I say that only because I’m exhausted. The burglary thing left me with a sleepless night before the red eye… and the red eye to Europe was a non-sleeper. My legs feel like lingonberry sauce. And despite a yelp review raving about a nearby spot for Swedish Meatballs, they were out of them when I went for lunch. This is how things are going. Could be worse; definitely could be better; but definitely could be A LOT worse.

The expo was the usual, usual. Hawkers of merch, gear, other races.

        

It was fun to ponder a few “exotic” locales but later I’d realize once again that such notions are all relative. Folks here in Sweden probably shrug their shoulders at a race in Amsterdam. But then again this pub advertises Pabst Blue Ribbon as a fancy imported beer.

I did stop for a rotating Matrixian bullet time photo. I realize now I should’ve tilted my knees differently to better sell my jumping… as it stands here it looks like, well, I’m just standing weirdly and they greenscreened me above the ground. But I was jumping! Honest!

I didn’t have a set plan before traveling here of sights to see. There doesn’t appear to be an equivalent Roadside Sweden listing strange and unusual countryside attractions. The real draw here seems to be people watching and strolling.

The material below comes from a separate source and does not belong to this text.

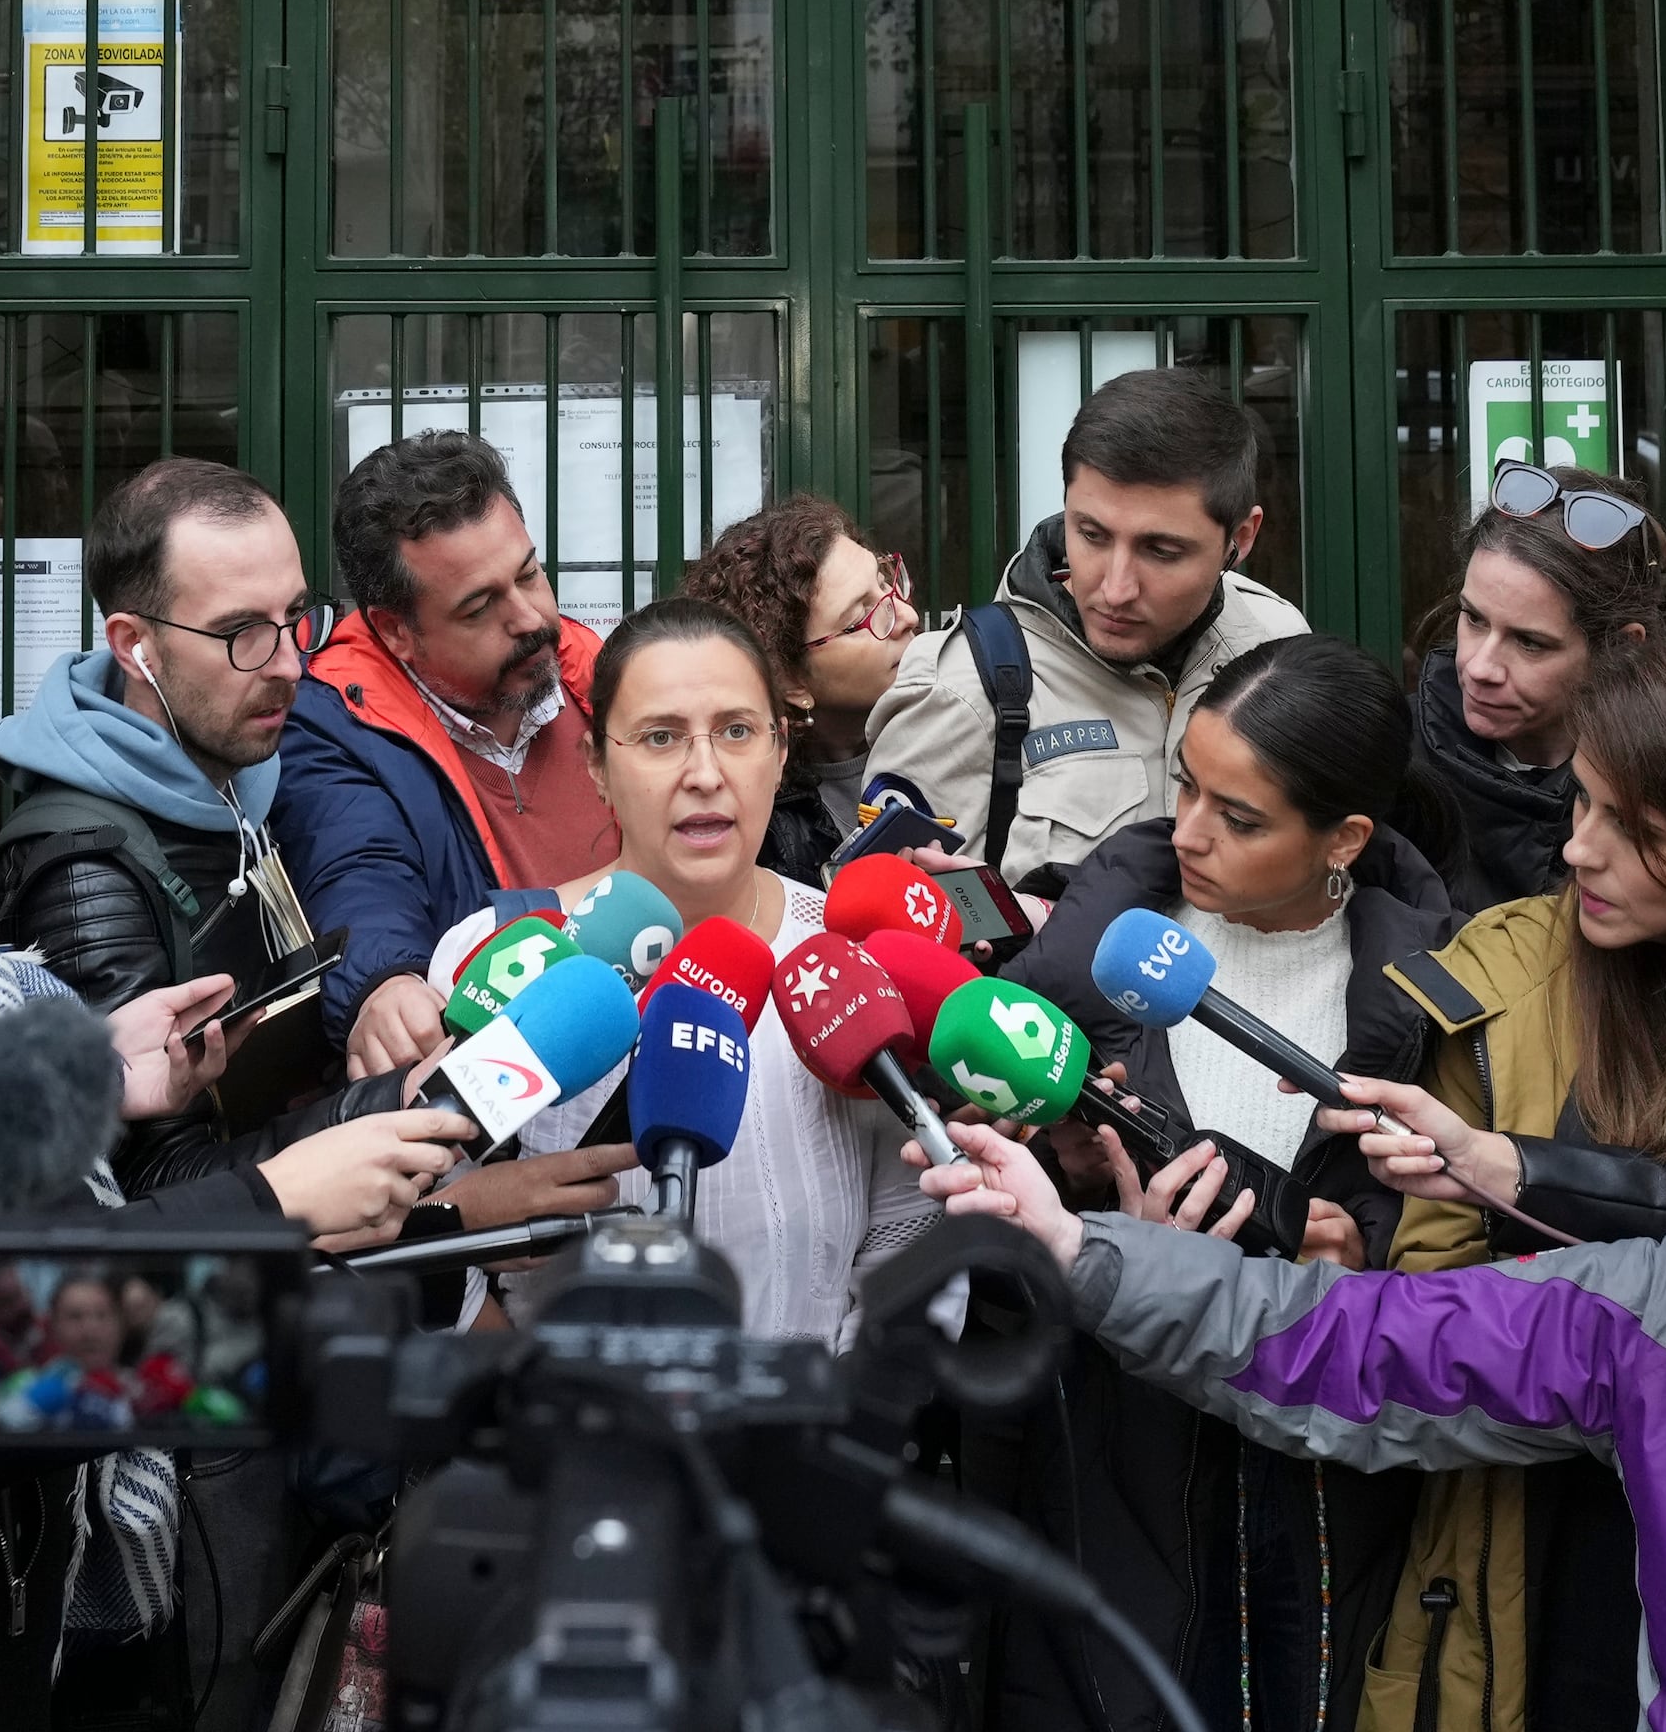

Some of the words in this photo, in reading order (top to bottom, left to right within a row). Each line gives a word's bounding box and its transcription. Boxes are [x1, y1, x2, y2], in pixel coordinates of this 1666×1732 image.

As I said, it’s very IKEA writ large.

But it IS a good place to people watch and stroll. And though the wind was a bit chilly, it was a beautiful sunny day here in Stockholm. I set my GPS for the Nobel PriZe Museum and just veered off course if I saw something intriguing down an alley or on the horizon. I went past one of many Central Park-ian natural spaces. I tossed my bag down and curled up in a sunbeam in the grass, letting exhaustion take me to slumberville. I needed far more than the 40 minute catnap but it was a start. To be fair, I was not the only person conked out on the greens. It was a good day to nap in the sun.

But given my limited time here and the rain forecast for Sunday, I thought I should take better advantage of the day. I rallied, groggily, and headed toward the museum.

  

I found myself easily distracted. I was just in time for a quick changing of the guard at the ceremonial Royal Palace.

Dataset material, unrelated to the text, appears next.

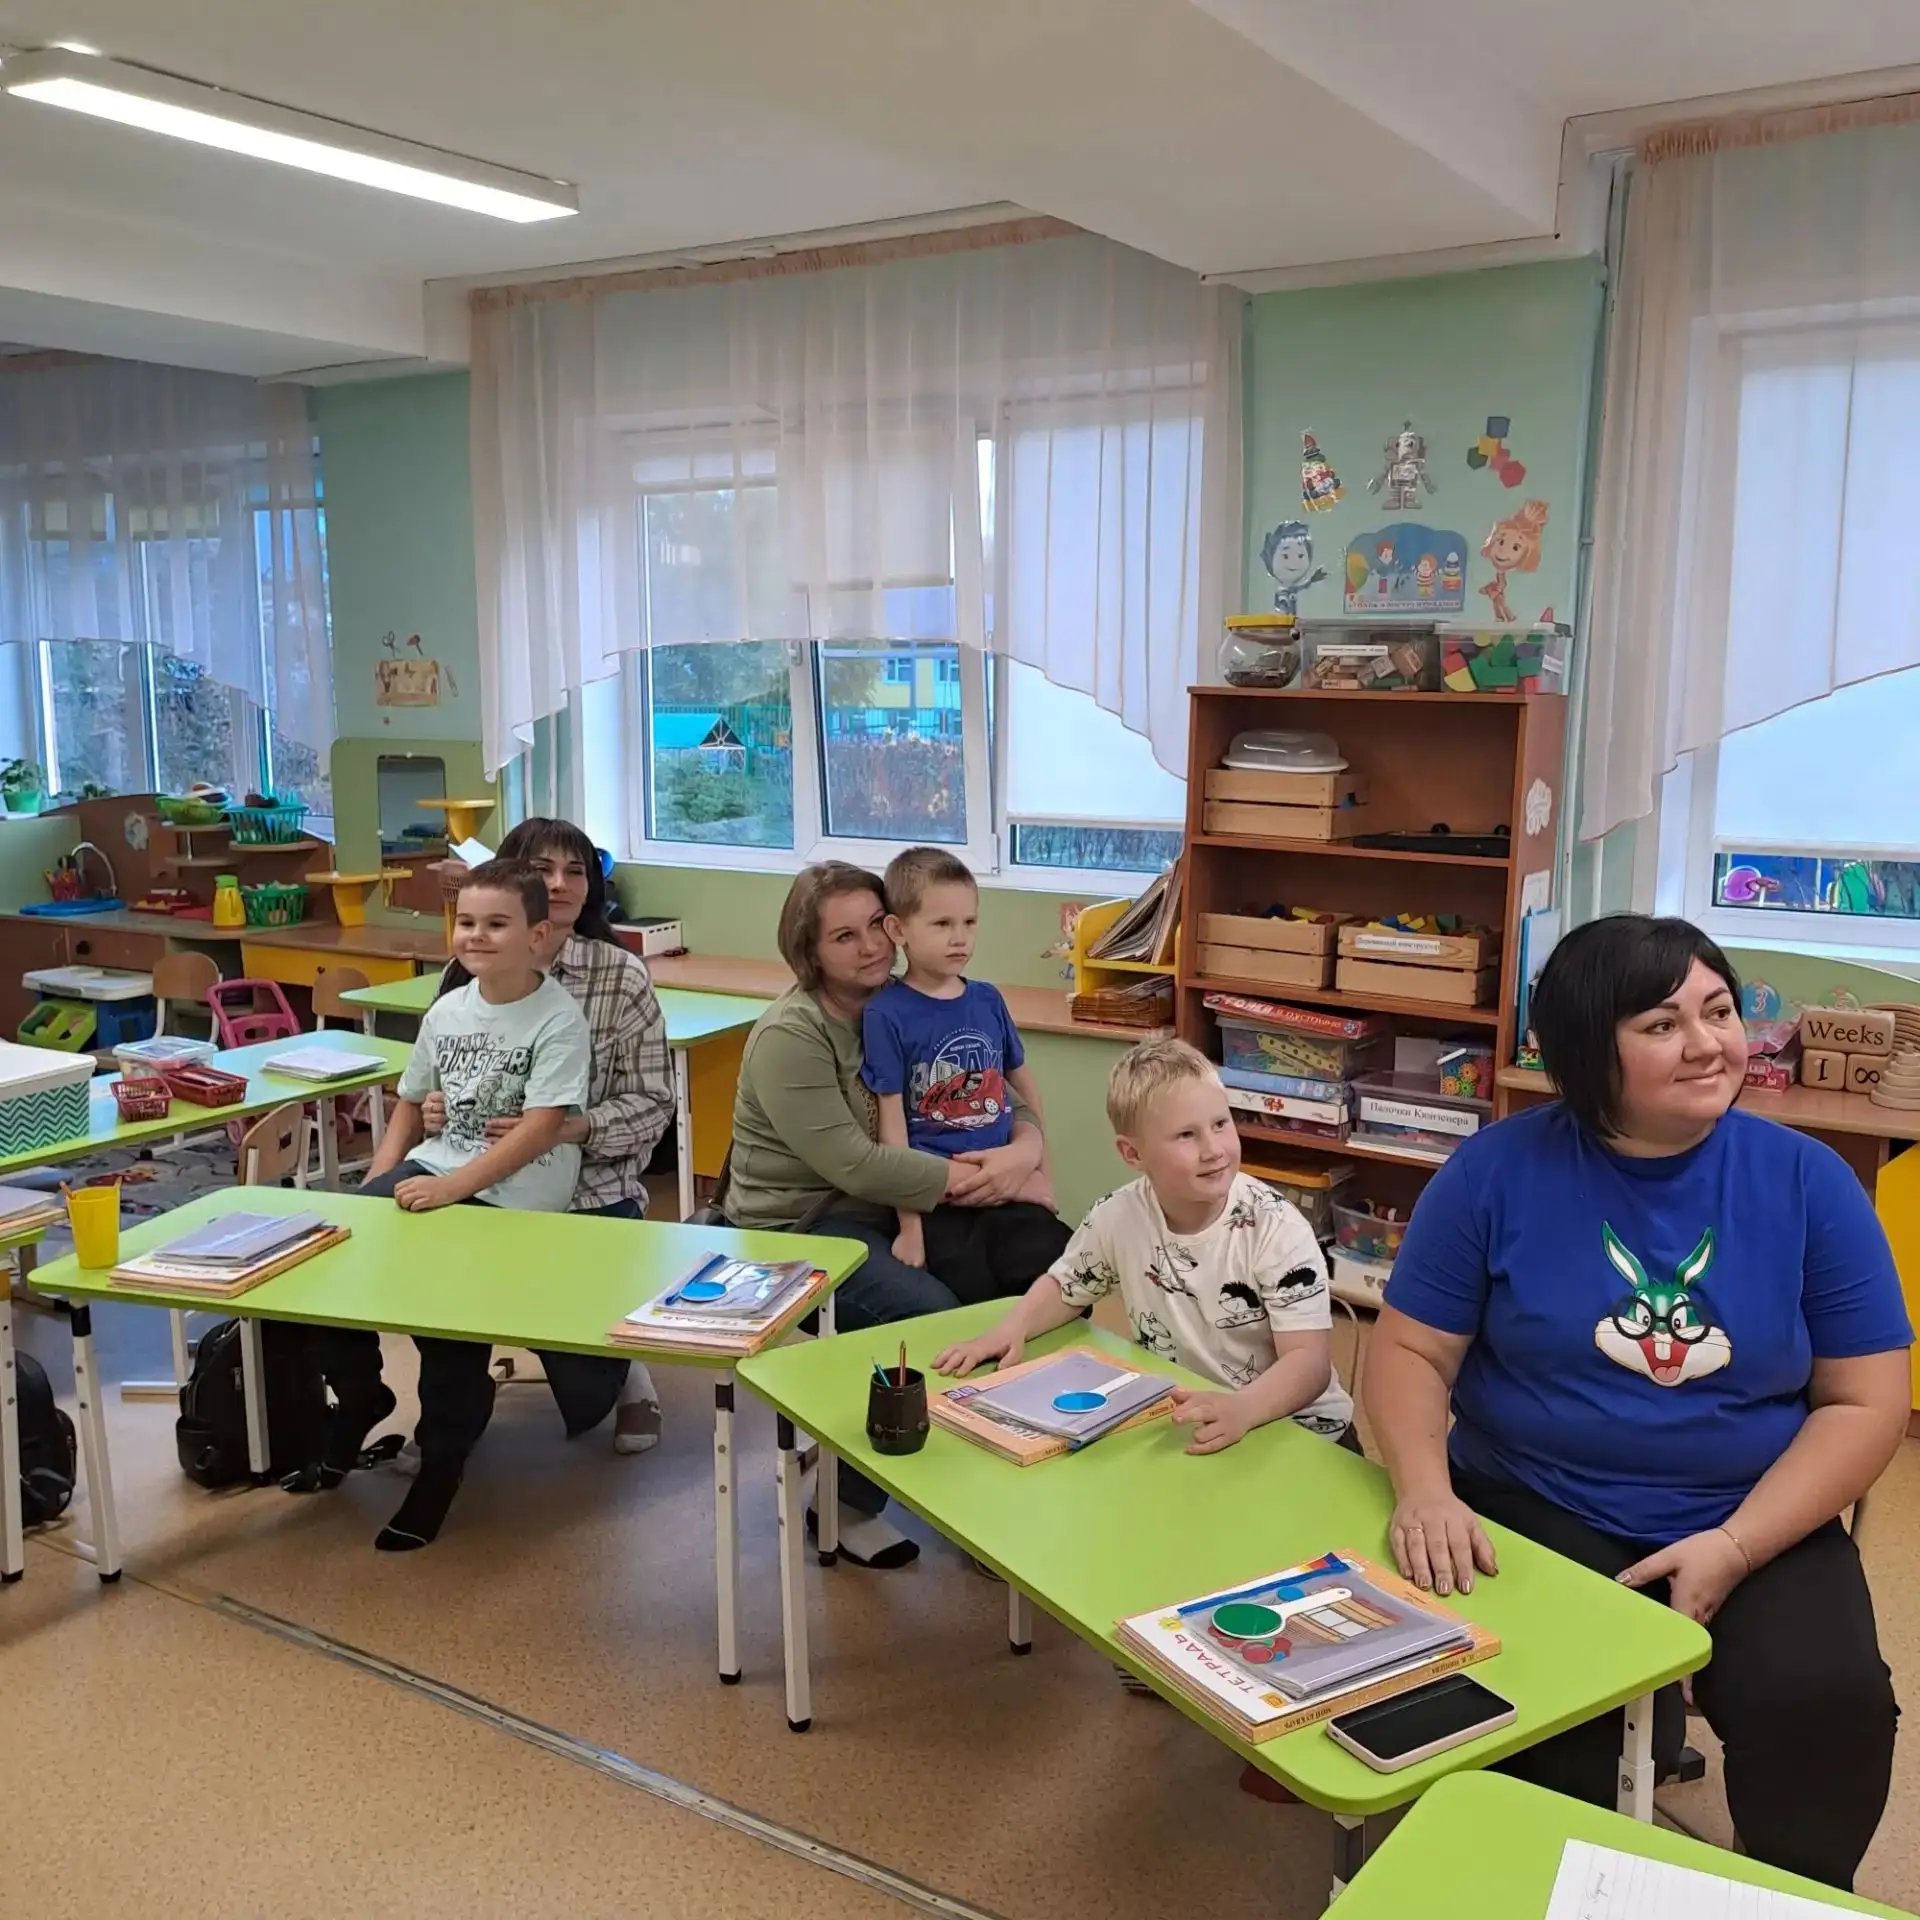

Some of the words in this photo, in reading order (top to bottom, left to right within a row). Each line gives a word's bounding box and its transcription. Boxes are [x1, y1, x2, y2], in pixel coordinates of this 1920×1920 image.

[1807, 1020, 1885, 1046] Weeks
[1370, 1101, 1411, 1117] Палочки
[1173, 1633, 1255, 1695] ТЕТРАДЬ

I sat amidst one of the waterway ampitheater risers.

 

And I just snapped photos as I walked of the streets of Stockholm.

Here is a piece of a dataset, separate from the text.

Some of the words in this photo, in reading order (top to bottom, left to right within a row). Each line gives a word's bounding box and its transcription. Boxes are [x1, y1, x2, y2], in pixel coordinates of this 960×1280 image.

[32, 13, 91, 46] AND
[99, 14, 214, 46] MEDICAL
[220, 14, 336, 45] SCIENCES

I couldn’t tell you where I was or how I got there; there were no breadcrumbs left by me to retrace my steps and the signage was mostly Greek… as in Swedish is all Greek to me. But it was a pleasant way to spend the afternoon.

The 120 kroner admission fee to the Nobel Museum seemed a bit steep given the size of the place. But I think I’m still glad I did it. I didn’t realize that Nobel in his will specified the categories for the prizes, insisted that the Peace prize be given in Oslo, and the others were to be given in Stockholm.

I didn’t know “peace” in Swedish is “Fred.”

The economic prize wasn’t in his will and the prize committee added it as a one-category expansion exception in the 1960s. They also don’t call it the Nobel prize for Economics… it’s actually the Nobel *Tribute* Prize. I didn’t know the prizes are announced annually on December 10th because that’s the anniversary of Nobel’s death.

I also didn’t know four people were double prize winners – Marie Curie and three others.

Even on my best days I’m really only good for about an hour or two at any museum … and here I felt I’d exhausted my learning attention span faster than that. I was and remain sleepy… so it’ll be an early night even though the marathon doesn’t start until noon tomorrow. But with time zones, that’s 6 am east coast time… so almost the usual, usual, no?

I have no idea what time it is. I have no idea where I am. But I do know tomorrow I’ll be running.  Or at least that’s the plan.